--- Provided records Enclosed Below ---
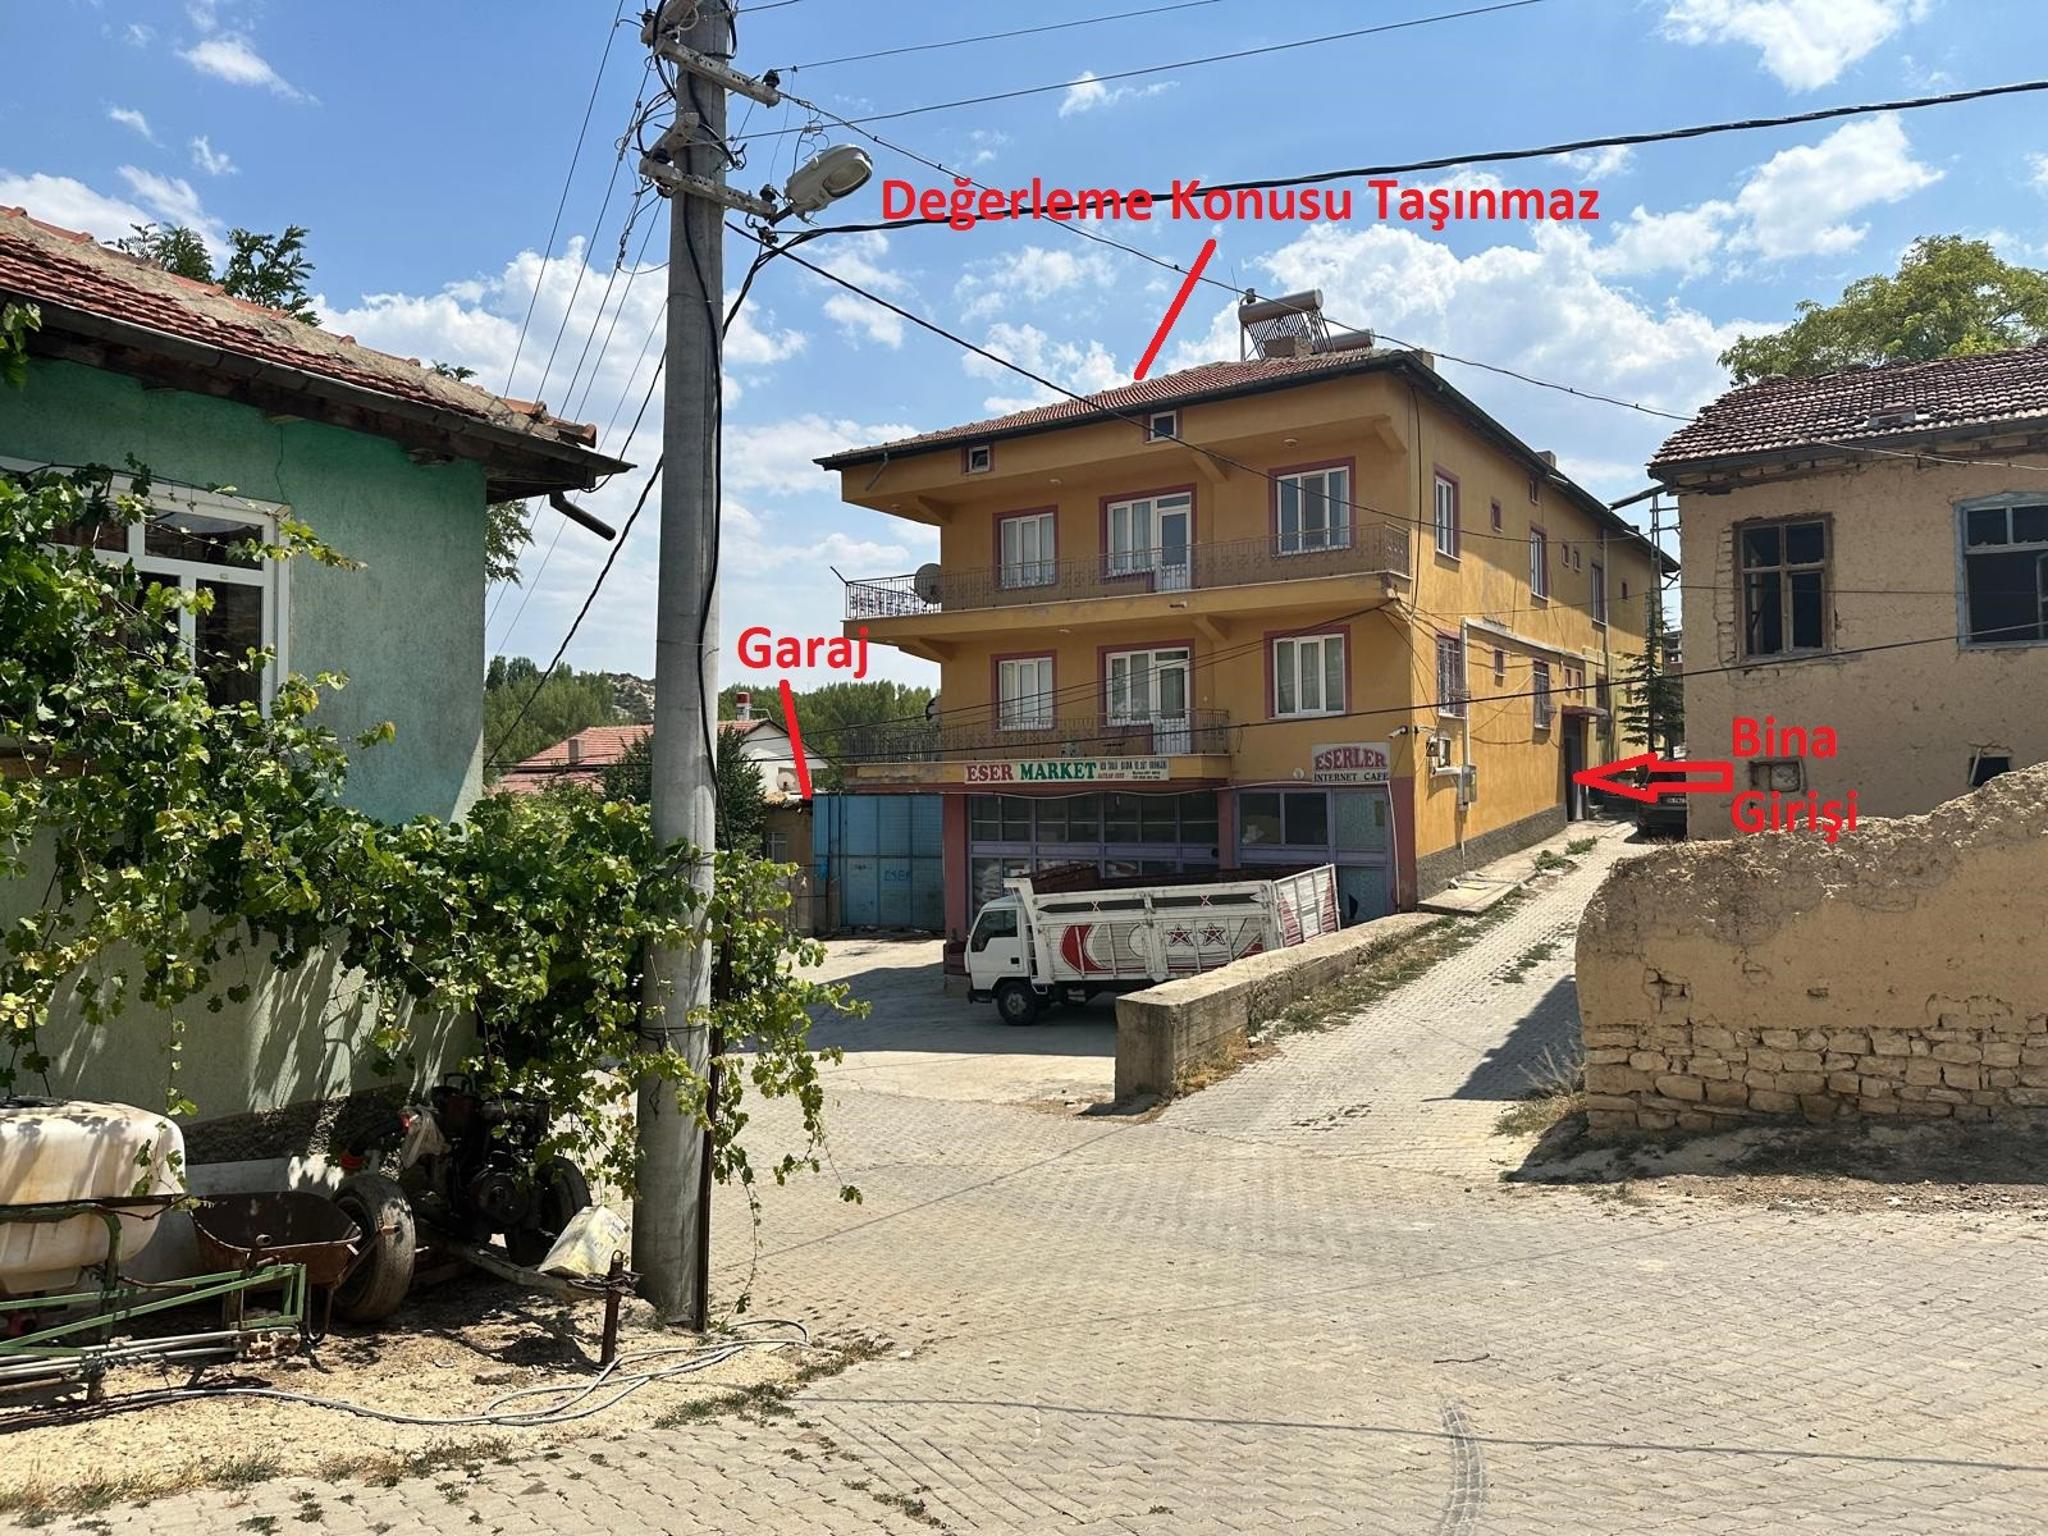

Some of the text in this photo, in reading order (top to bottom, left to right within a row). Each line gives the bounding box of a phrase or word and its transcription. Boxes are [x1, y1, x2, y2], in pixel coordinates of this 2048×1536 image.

[1315, 747, 1387, 770] ESERLER
[966, 764, 1014, 781] ESER
[1020, 762, 1097, 780] MARKET
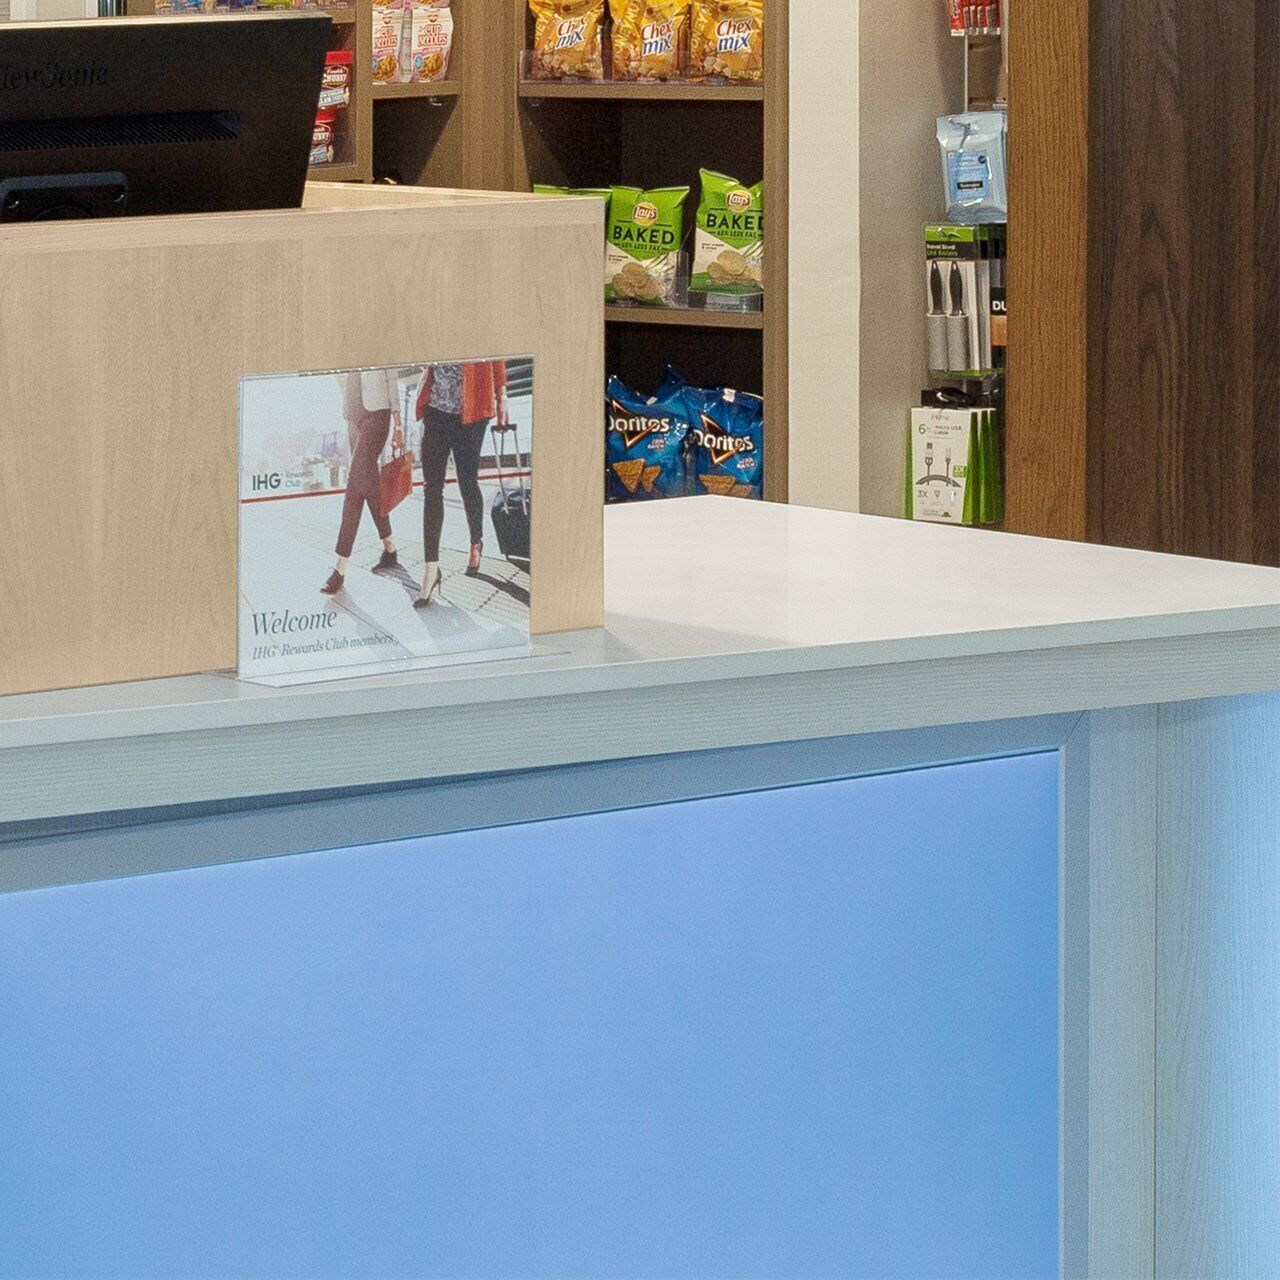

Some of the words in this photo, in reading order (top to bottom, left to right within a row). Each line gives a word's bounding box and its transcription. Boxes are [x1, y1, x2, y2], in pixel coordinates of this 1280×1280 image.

[554, 25, 587, 49] mix
[641, 18, 674, 41] Chex
[716, 16, 754, 37] Chex
[642, 32, 674, 57] mix
[717, 32, 752, 54] mix
[613, 225, 676, 245] BAKED
[918, 423, 926, 435] 6
[252, 472, 281, 491] IHG
[252, 609, 338, 636] Welcome
[281, 639, 324, 656] Rewards
[325, 636, 349, 651] Club
[350, 632, 396, 648] members
--- End of Enclosed Provided records ---
* What the task asks
Repeat the records above exactly. Pictures do not belong in the copy.

* Task solution
Some of the text in this photo, in reading order (top to bottom, left to right within a row). Each line gives the bounding box of a phrase or word and its transcription. Boxes are [x1, y1, x2, y2], in pixel coordinates of this 2048×1536 image.

[1315, 747, 1387, 770] ESERLER
[966, 764, 1014, 781] ESER
[1020, 762, 1097, 780] MARKET

Some of the words in this photo, in reading order (top to bottom, left to right within a row). Each line gives a word's bounding box and its transcription. Boxes are [x1, y1, x2, y2], in pixel coordinates of this 1280×1280 image.

[554, 25, 587, 49] mix
[641, 18, 674, 41] Chex
[716, 16, 754, 37] Chex
[642, 32, 674, 57] mix
[717, 32, 752, 54] mix
[613, 225, 676, 245] BAKED
[918, 423, 926, 435] 6
[252, 472, 281, 491] IHG
[252, 609, 338, 636] Welcome
[281, 639, 324, 656] Rewards
[325, 636, 349, 651] Club
[350, 632, 396, 648] members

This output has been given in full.